A report recently came out looking at trends in the medical literature regarding LGBT people. This is a meta-analysis (i.e., it is an article summarizing the original research of others – it is a secondary source) that looked at articles from 1950-2007.
- Estimations of percentage of the population that is LGBT ranges from 2 to 10%, depending on the survey. In the United States, this should be between 6 and 30.4 million people.
- Lesbians have a higher risk for breast and gynecological cancers. Gay men are at higher risk for anal cancer. We don’t know if these are because of genetics (homosexuality may have a genetic root), sexual practices, or culture.
- You can continue reading to understand the biggest barrier to health care for LGBT patients is stigmatization by health care providers, because of poor education and training: “Providers as a whole need to better understand the distinct difference between LGBT status and persons with ‘high risk’ sexual behaviors.” (pg 166)

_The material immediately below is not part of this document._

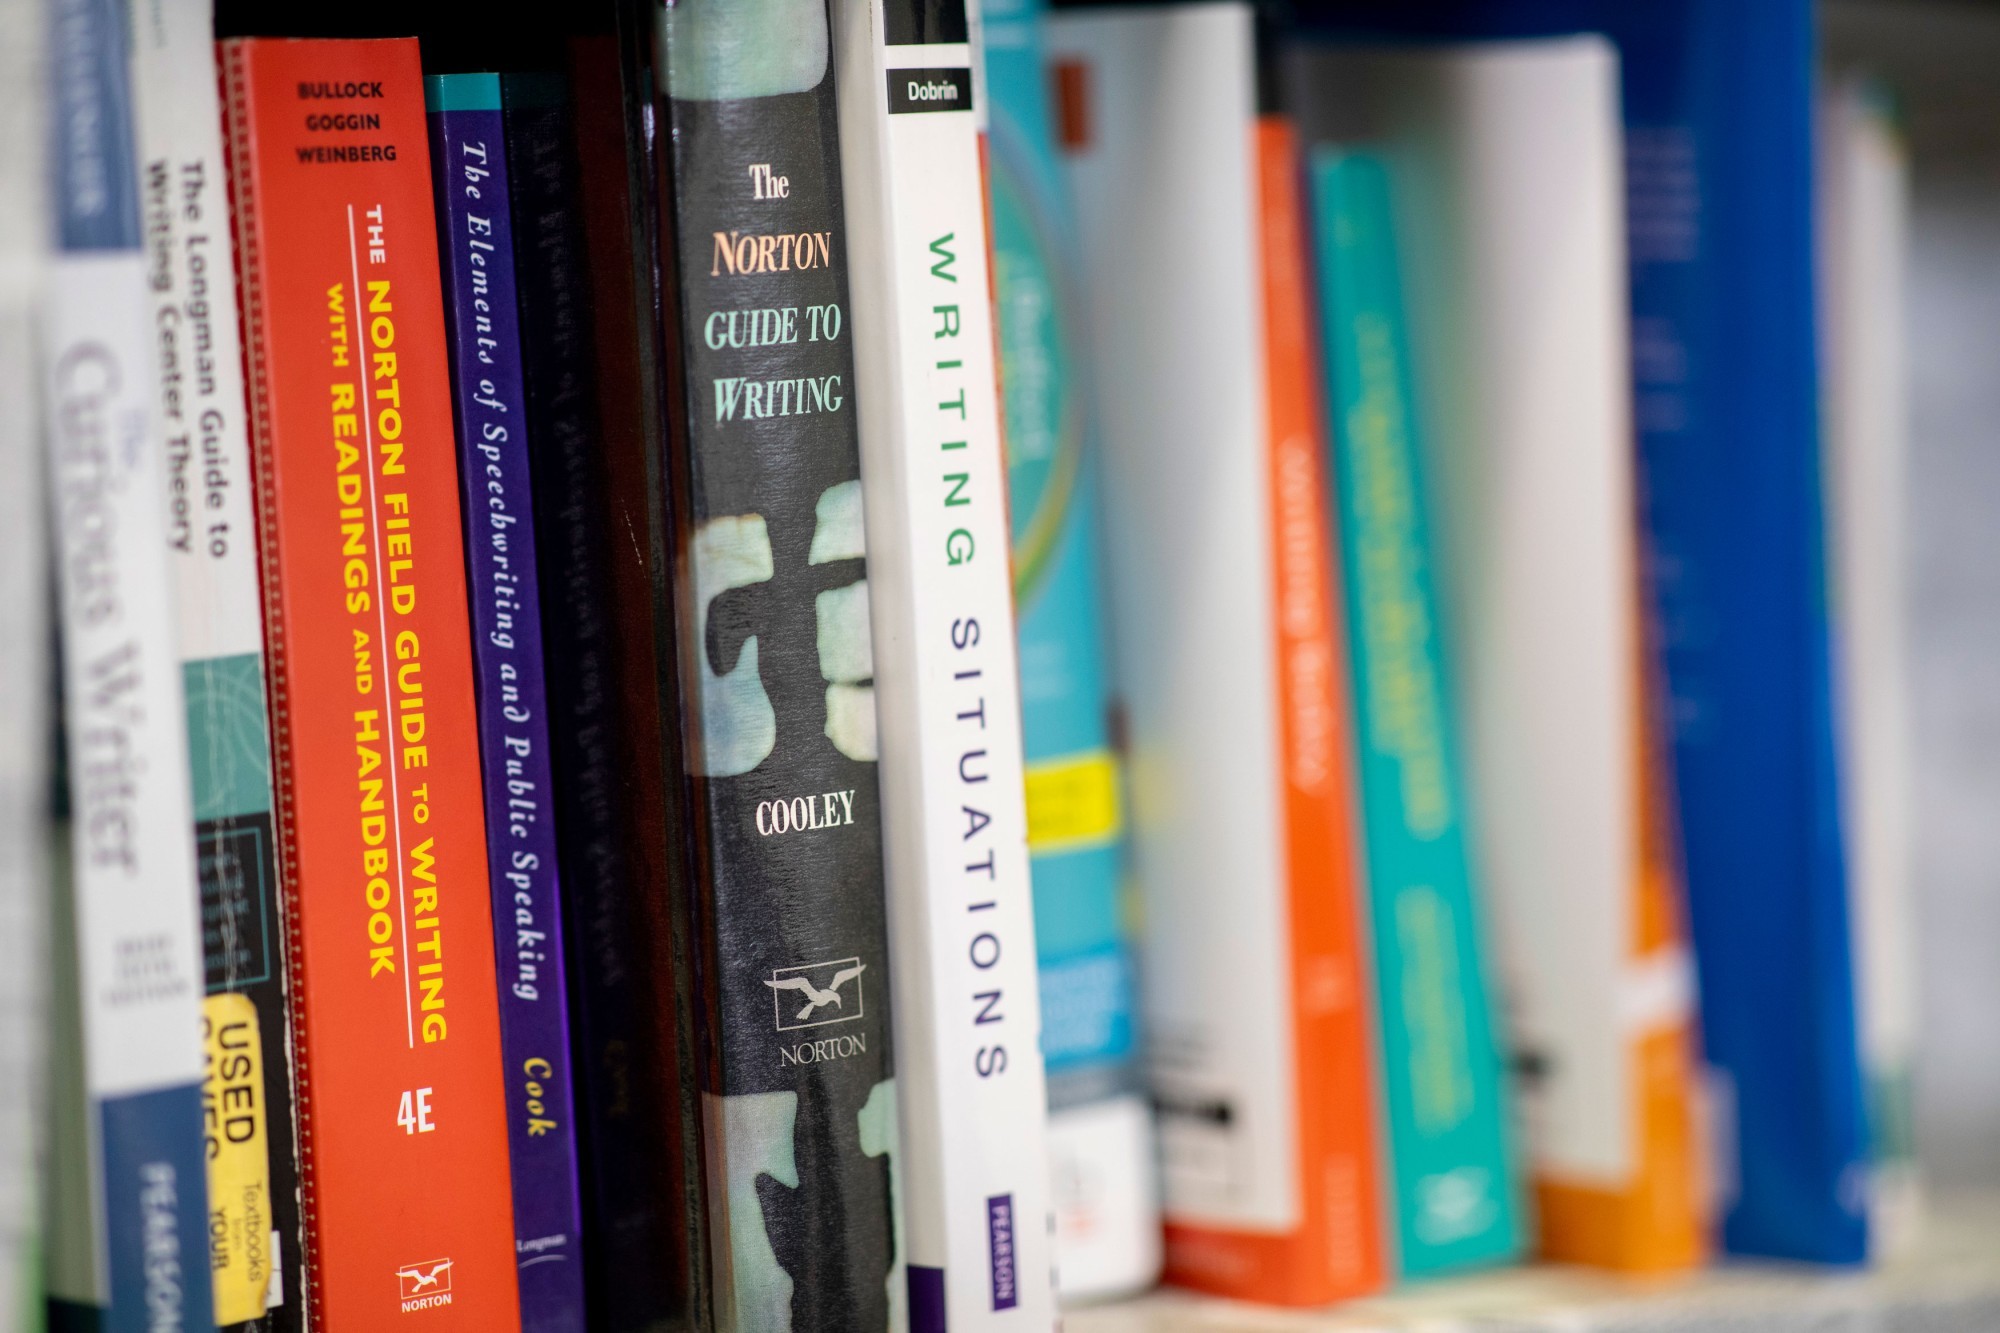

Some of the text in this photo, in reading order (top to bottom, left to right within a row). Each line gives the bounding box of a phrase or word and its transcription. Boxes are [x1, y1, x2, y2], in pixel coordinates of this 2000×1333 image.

- There is an overemphasis in the literature on sexual behavior-related topics. About 1/3rd of all papers published about LGBT people are about HIV, AIDS, STIs, and other related illnesses. This is by far the biggest group of papers. About 13% of papers are about mental health issues, and another 12% are stigmatizing articles about the causes and treatment of homosexuality. All other topics are covered by less than 9% of papers. For example, only 3.28% of papers deal with patient-health care provider interactions, and 2.66% deal with transsexual issues. This overemphasis means that we don’t have enough information about other illnesses that affect LGBT people.
- Some research specifically excludes LGBT people with no clear explanation or reasoning behind it. This is actually against NIH research policy – populations canNOT be excluded without reason.
Snyder, J. E. (2011). Trend Analysis of Medical Publications About LGBT Persons: 1950-2007. Journal of Homosexuality, 58: 164-188.